Ama daha oraya varmadan, biranın yarattığı mide asidini yatıştırmak için Palotai pizzacısında soluklanıyorum. Buraya her meşrepten insan girer. Birkaç ufak sehpası vardır içerde, orada bir takım kızlar pizzalarını seyredip telefonlarıyla oynaya dursunlar, buranın asıl müşterileri daima ayaküstü atıştıranlar ya da alıp yolda yiyenlerden oluşur. Şahane dilim pizzalar satar Palotai hem de bulabileceğiniz en ucuz fiyata. İçeride ayaküstü pizza yerken daima bazı insan hikayeleri biriktirirsiniz. Caddenin bundan sonrası bir ses kakafonisidir aynı zamanda. Sayısız hostele girip çıkan her milletten gencin artları sıra sürükledikleri tekerlekli bavulların kulak tırmalayan gürültüsü ile elektrikli kaykayların yarattığı vertigo at başı gider.
Bütün bu yükselen metrekare fiyatı içinde bile hala boş duran dükkan ve tadilata girmiş bina sayısı şaşırtıcı derecede çoktur. Ama sanırım bu bir Peşte gerçeğidir. Rusya hegemonyasında geçen uzun yıllarından sonra, nihayet AB üyesi olmasıyla birlikte gelen fonlarla, kentte bir tadilat çağının başladığını söylemek yanlış olmaz.

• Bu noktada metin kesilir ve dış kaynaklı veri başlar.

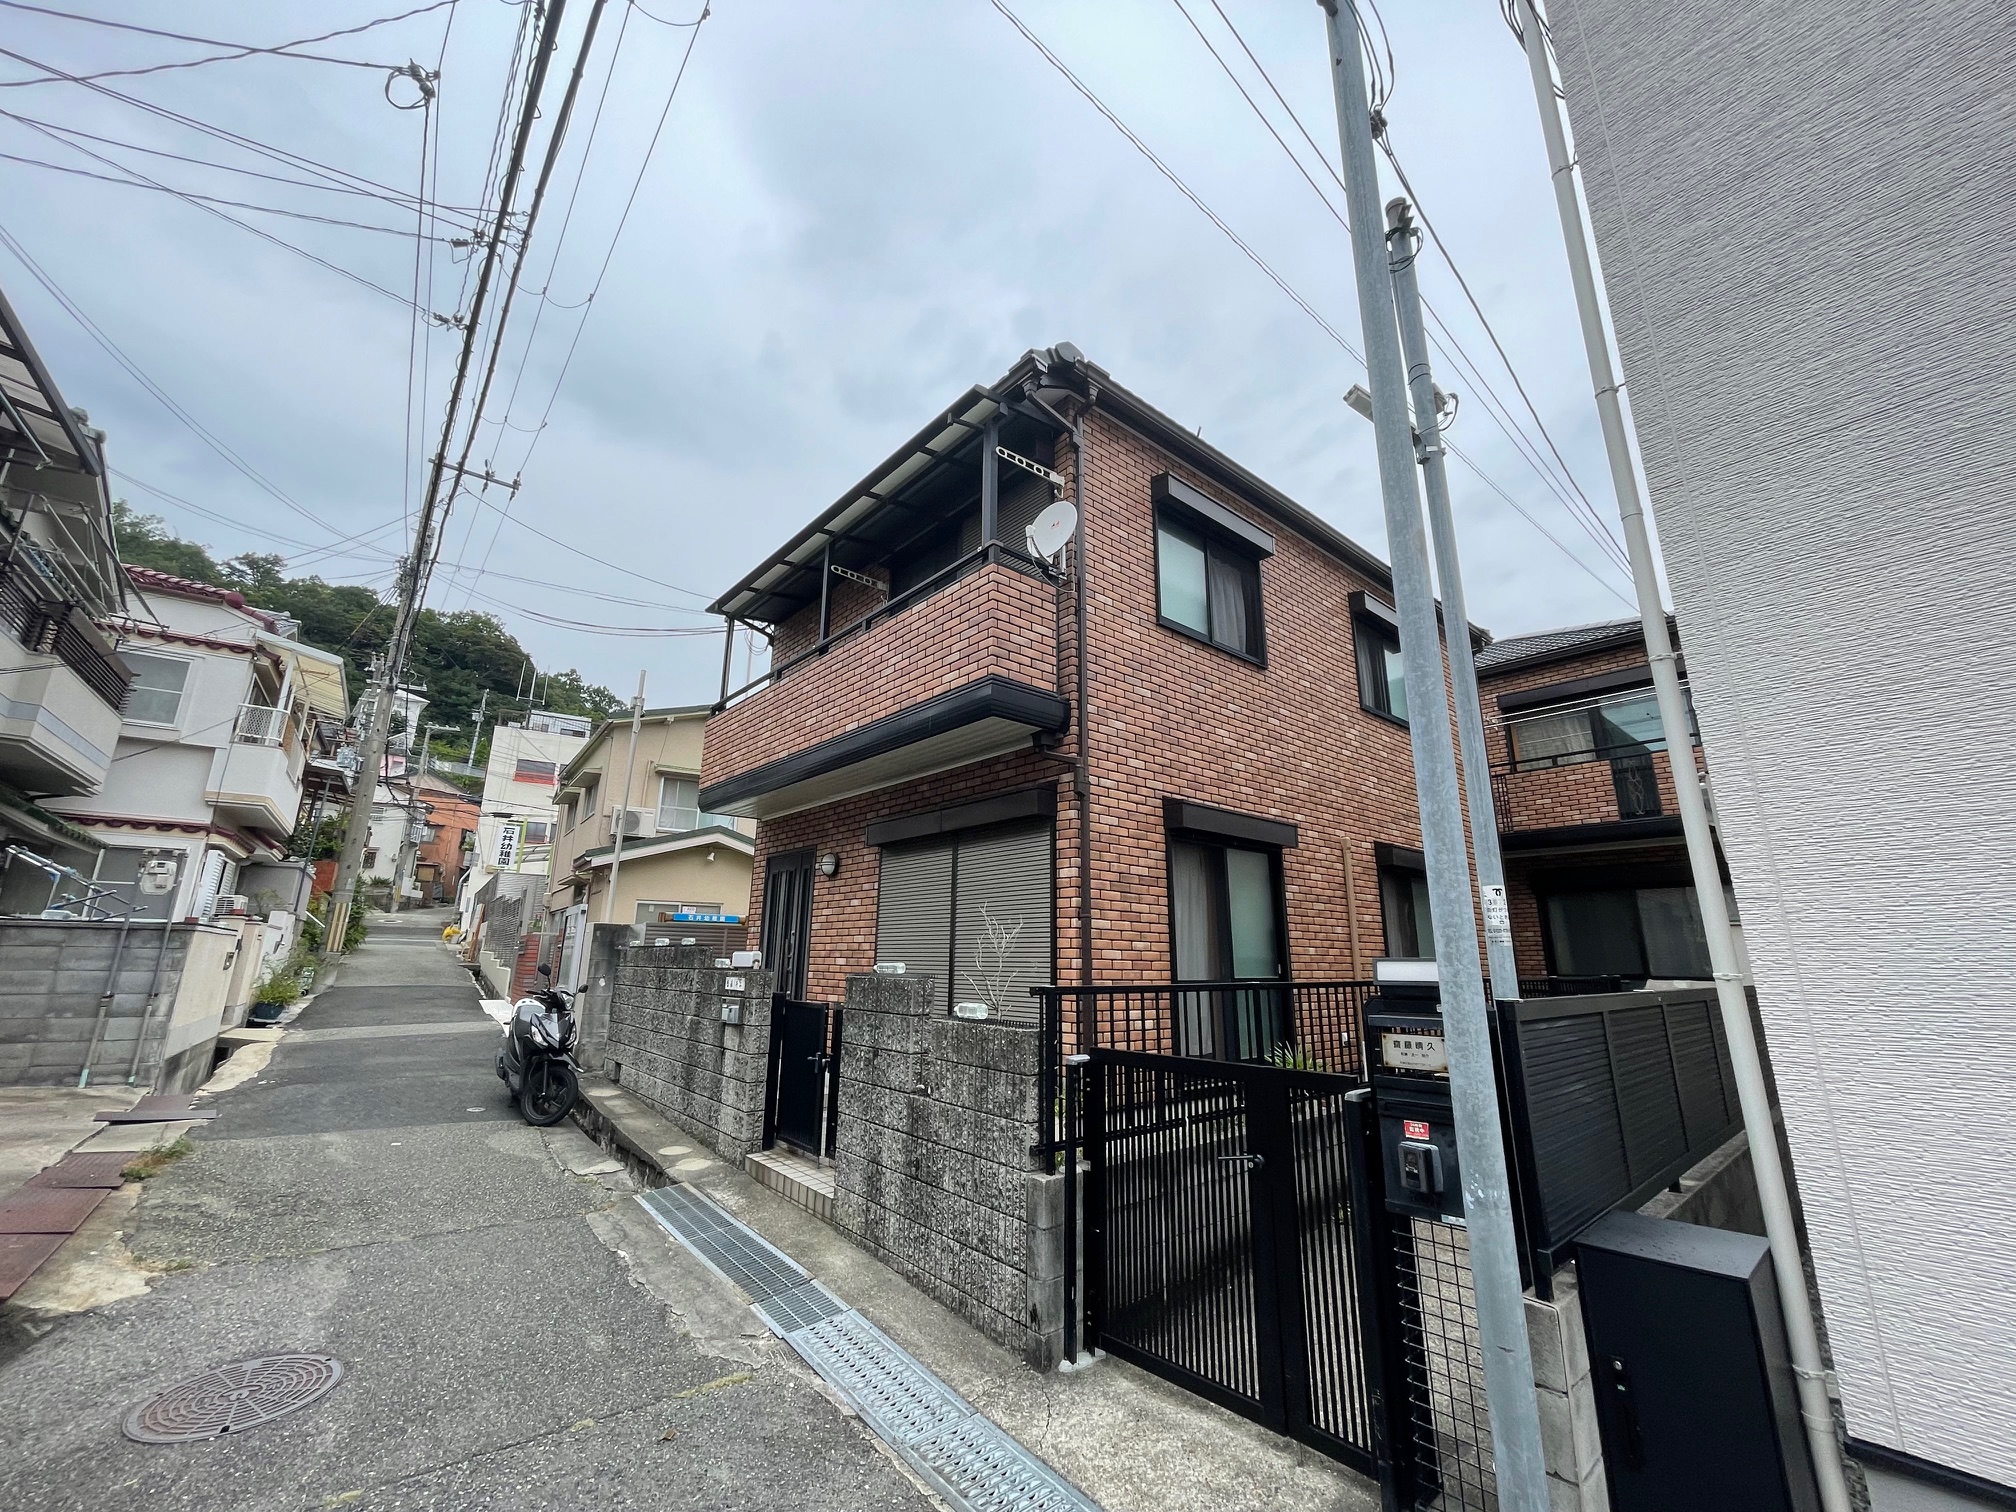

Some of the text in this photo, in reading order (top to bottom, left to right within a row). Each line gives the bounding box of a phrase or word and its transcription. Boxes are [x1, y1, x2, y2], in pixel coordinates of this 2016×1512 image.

[498, 827, 516, 865] 石井幼稚園
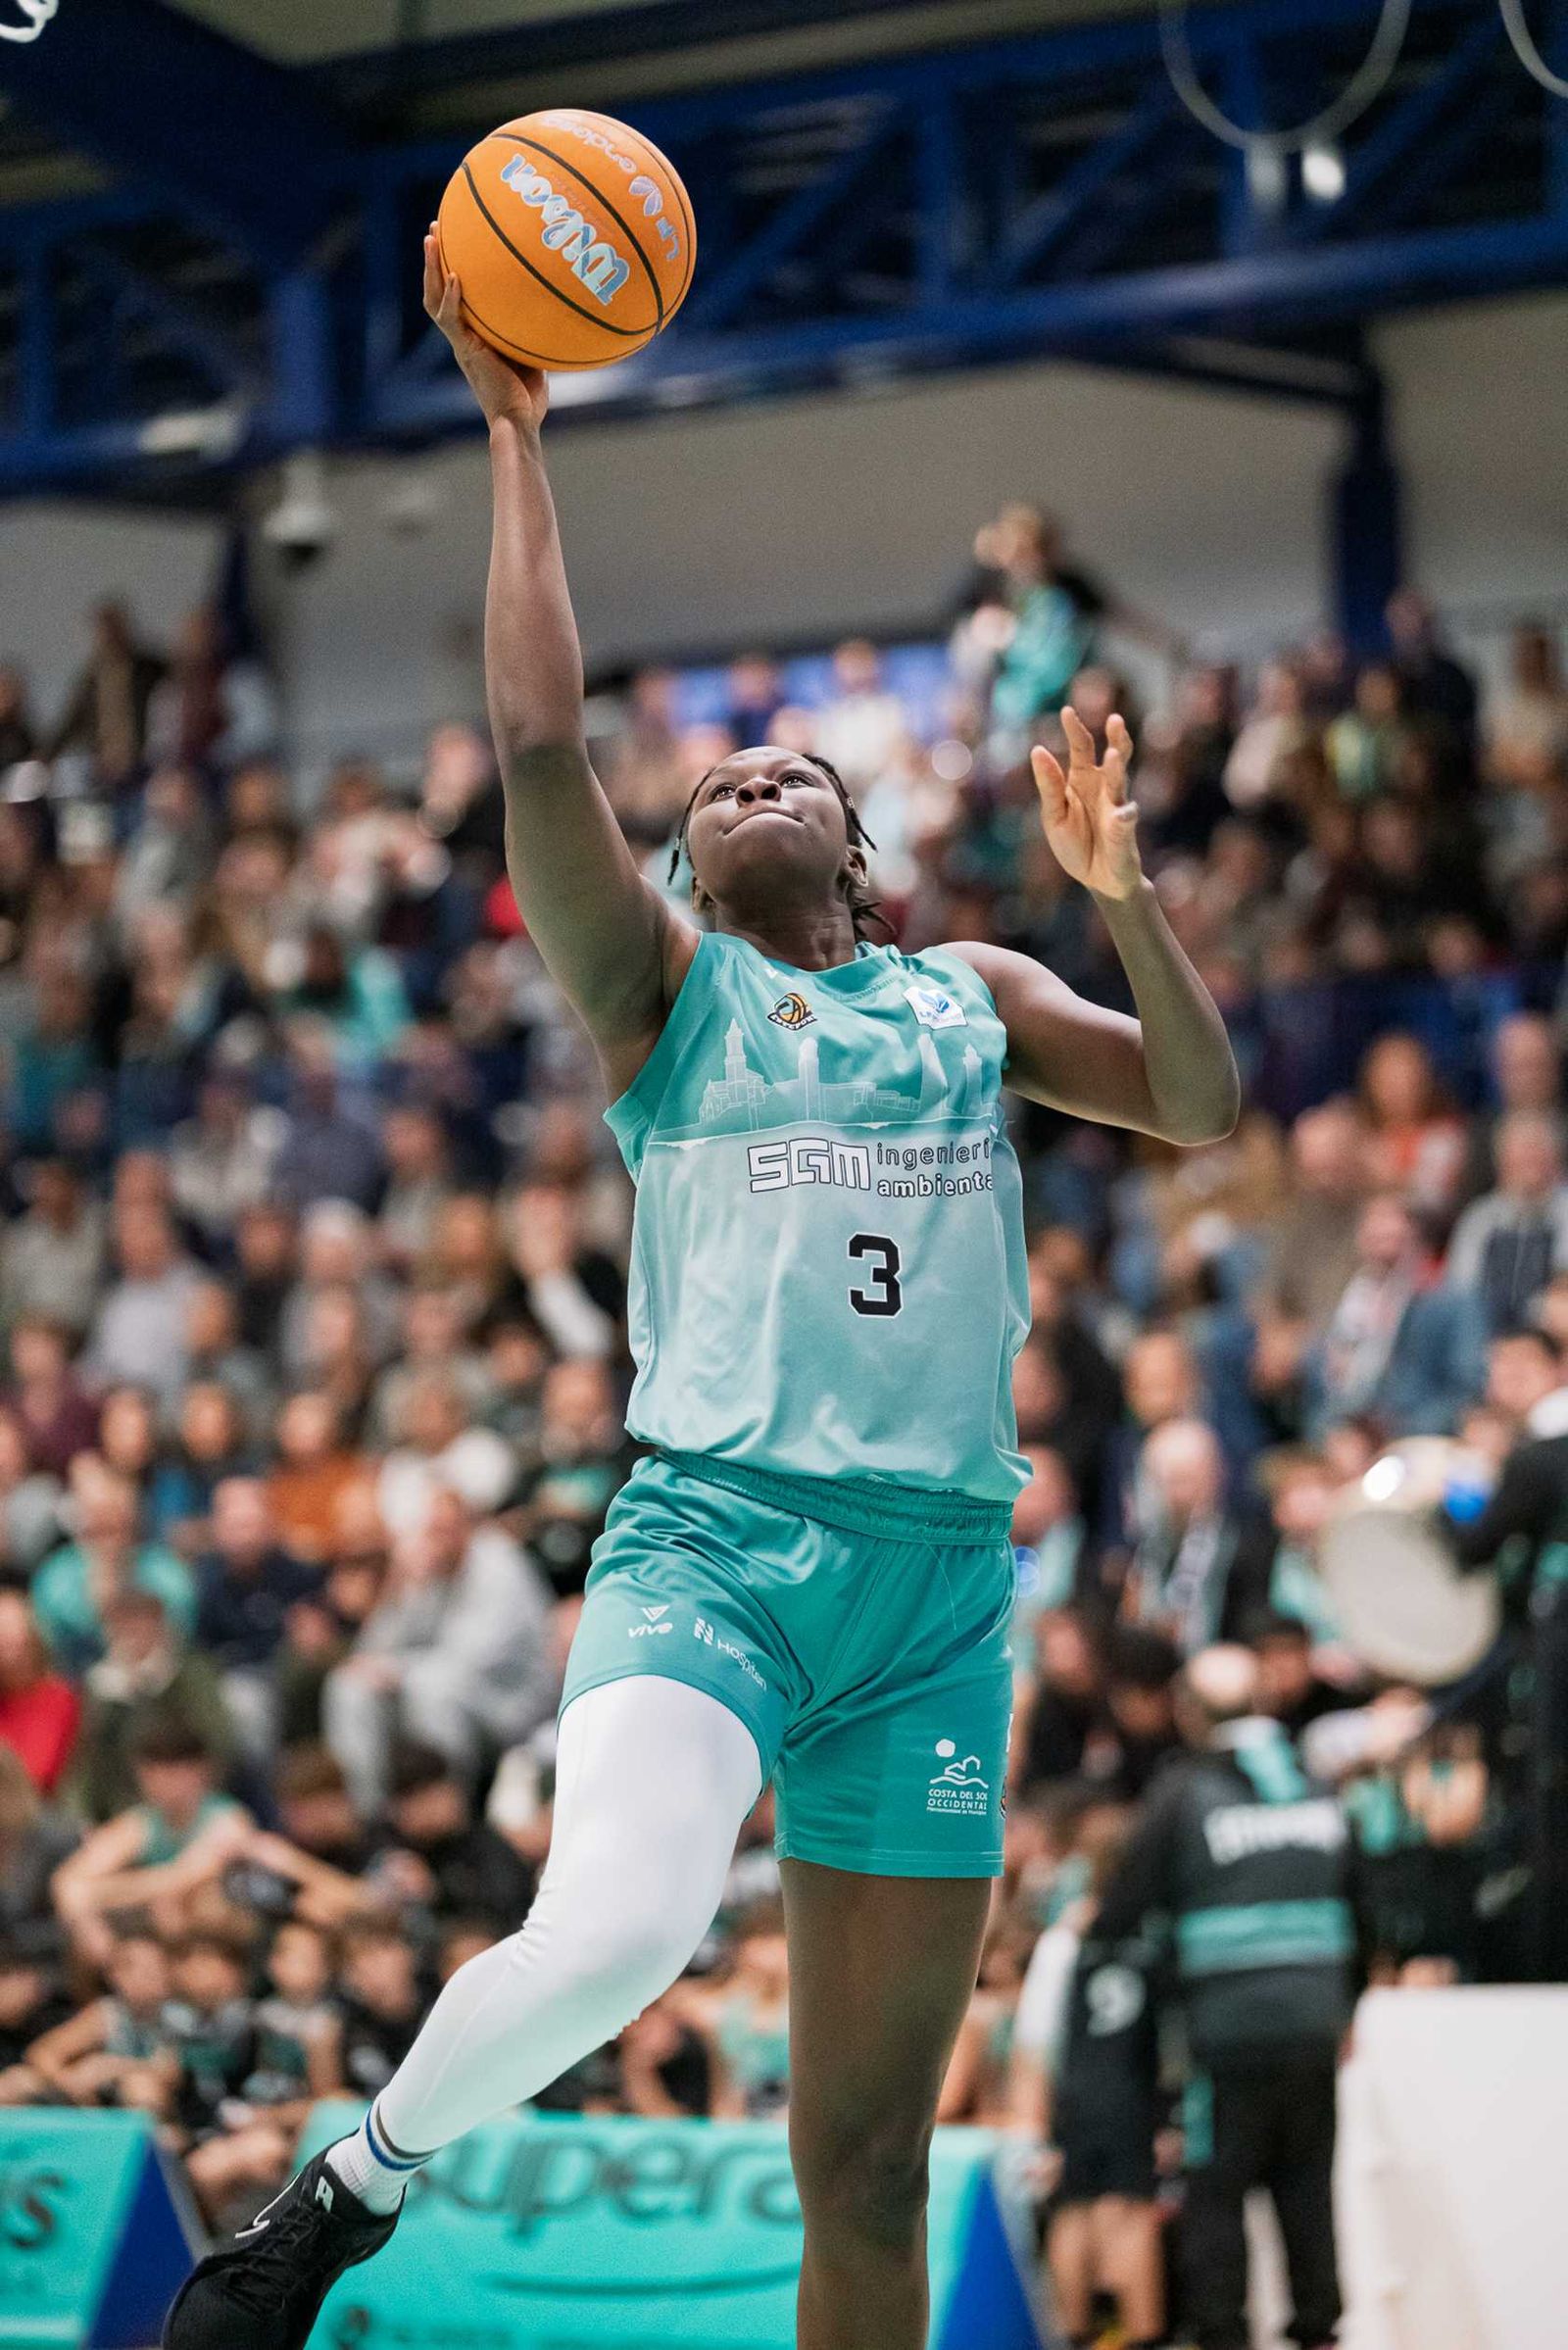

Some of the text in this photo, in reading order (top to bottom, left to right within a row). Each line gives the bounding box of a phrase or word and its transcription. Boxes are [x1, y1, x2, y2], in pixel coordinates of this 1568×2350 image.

[500, 153, 630, 306] Wilson
[747, 1137, 871, 1194] SGM
[848, 1233, 904, 1318] 3
[927, 1798, 987, 1810] OCCIDENTAL
[928, 1788, 988, 1801] COSTA DEL SOL
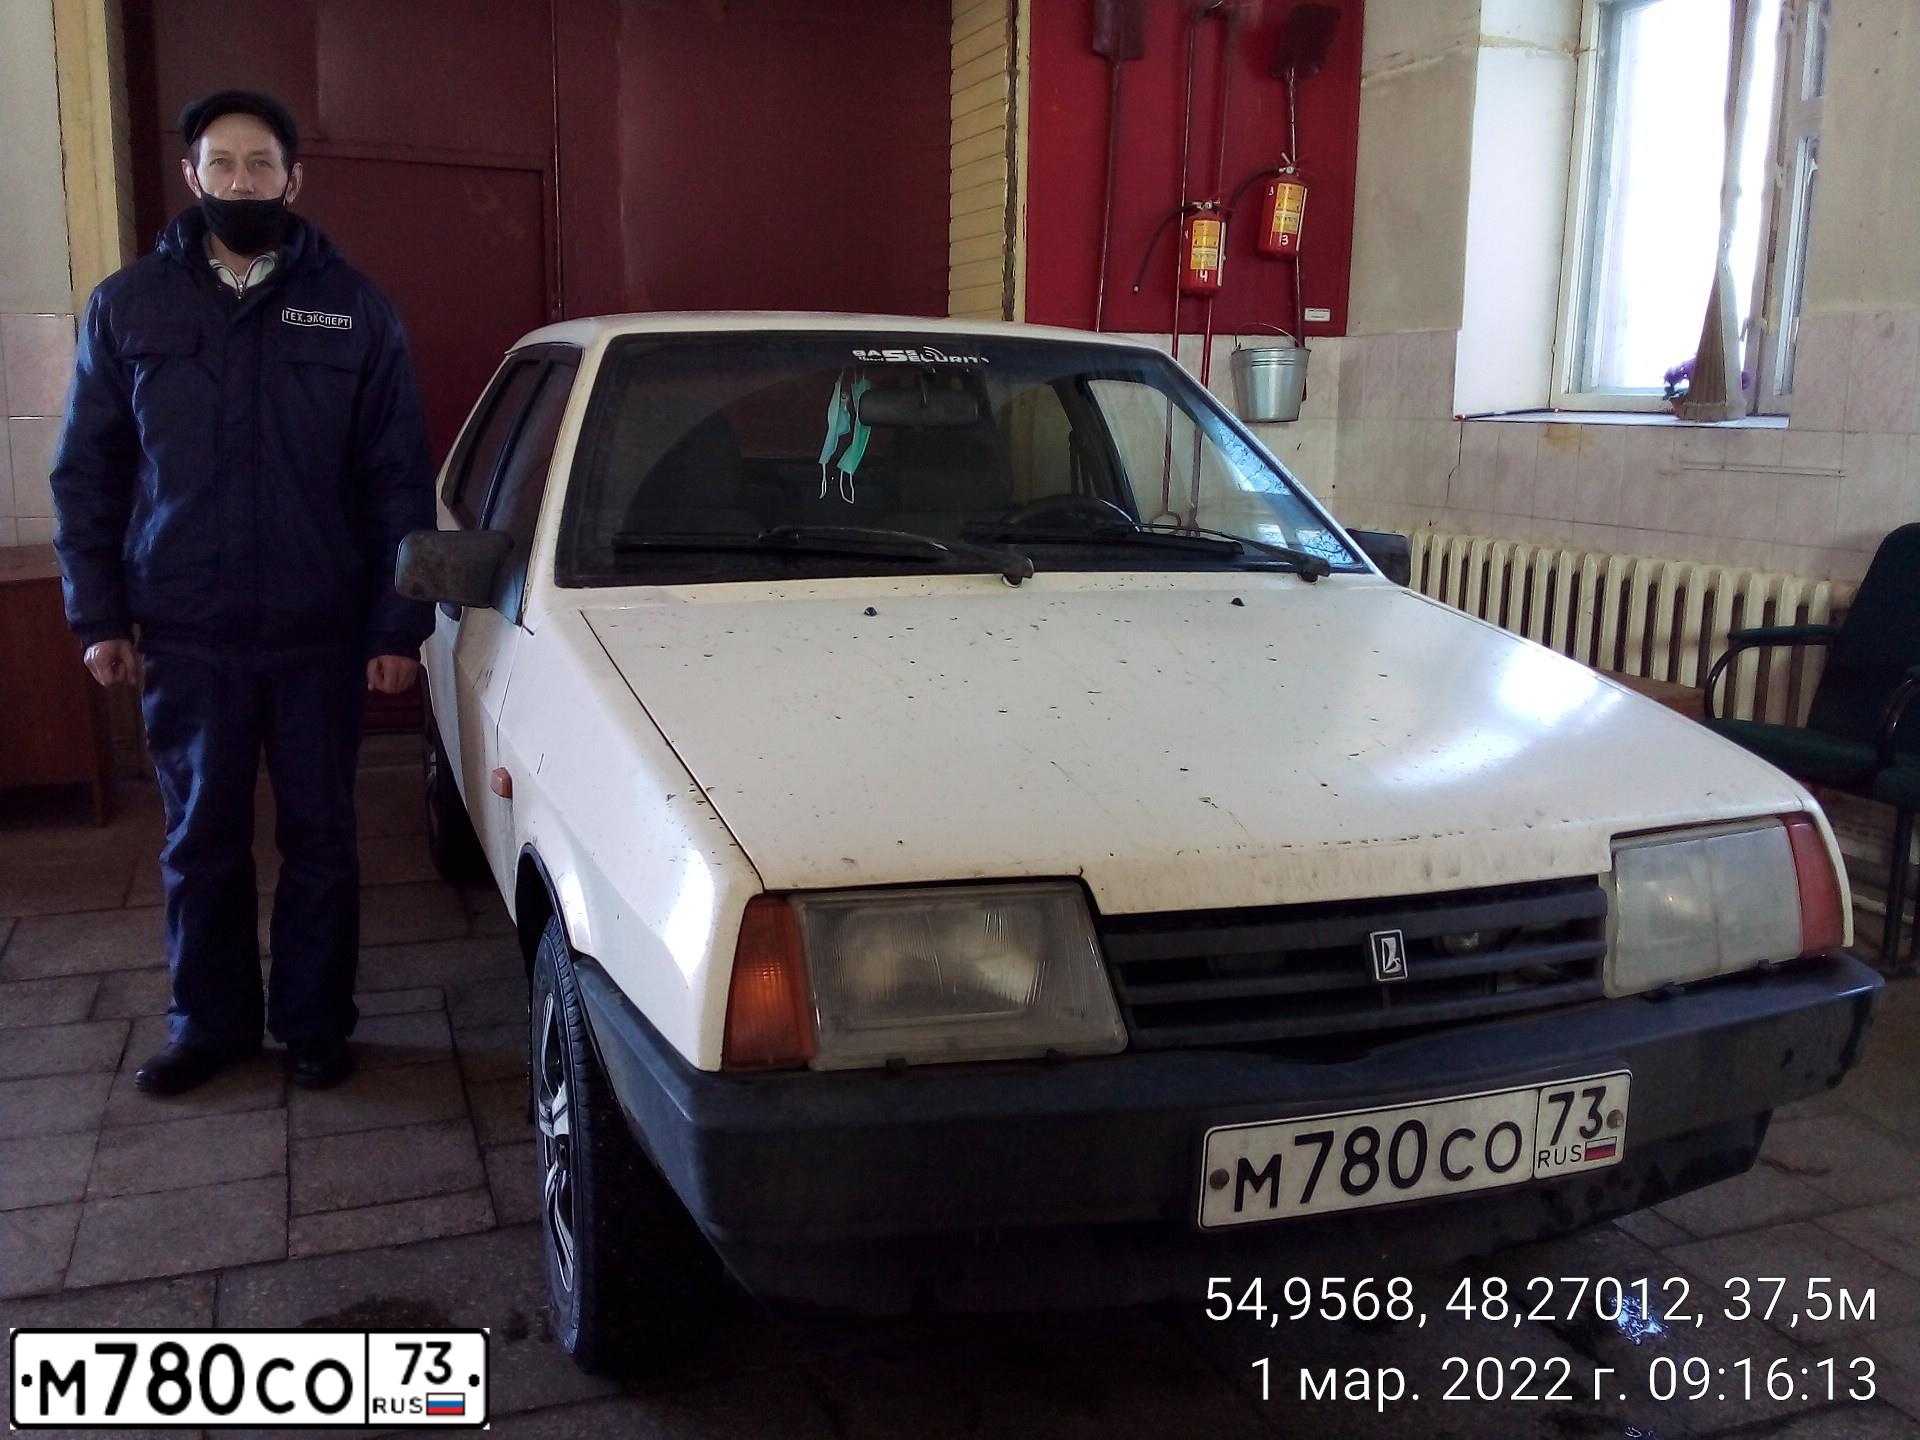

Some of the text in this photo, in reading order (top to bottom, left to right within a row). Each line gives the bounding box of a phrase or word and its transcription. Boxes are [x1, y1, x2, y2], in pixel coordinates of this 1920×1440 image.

Ana cadeye çok az kala, sokak son bir kez daha daralır ve Király sizi şaşırtmaya devam eder. Devasa Barcelona otelinin dibine sığınmış Turan Török Eteterem (Turan Türk Lokantası) tabelasıyla karşılaşırsınız; dileyen bunu iler tutar yeri olmayan bir büyüklenme ülküsünün hazin hikayesi olarak da okuyabilir.
Deák Ferenc’e çıkmadan önce sağ köşede Atlantisz kitapçısı vardır. Yüksek tavanları, eski ahşap doğramalarıyla şahane bir sahaf izlenimi uyandırır insanda dıştan bakınca. Yazık ki içinde sadece yeni ve çoğunlukla prestij kitaplar satılır. Gerçek bir in arıyorsanız, benim gibi Ashbot sokağında yer alan Atticus’tan içeri girmeniz gerekir. Loş, tavana kadar kitaplarla dolu bir kovuk, arkada girilmesi yasak bir bölümde daima çalışan bir kadın vardır, bir de fazla bir şey vaat etmeyen bir üst kat. Ama alt katta karıştıracağınız şeyler öyle çok, çeşitli ve sınırsızdır ki… Buranın tek kusuru, yabancı kitapların depoda olmasıdır. Ancak kitap ismi, yazar adı ve yayın tarihiyle başvurursanız, bilgisayardan kontrol edip, varsa sizin için temin ederler. Ama bütün bunlar tali şeyler sonuçta. Ben saatlerdir maruz kaldığım dış dünyadan kaçmak için sığınırım buraya. Kitaplar ve kağıtlar benim için rahim mekanlardır.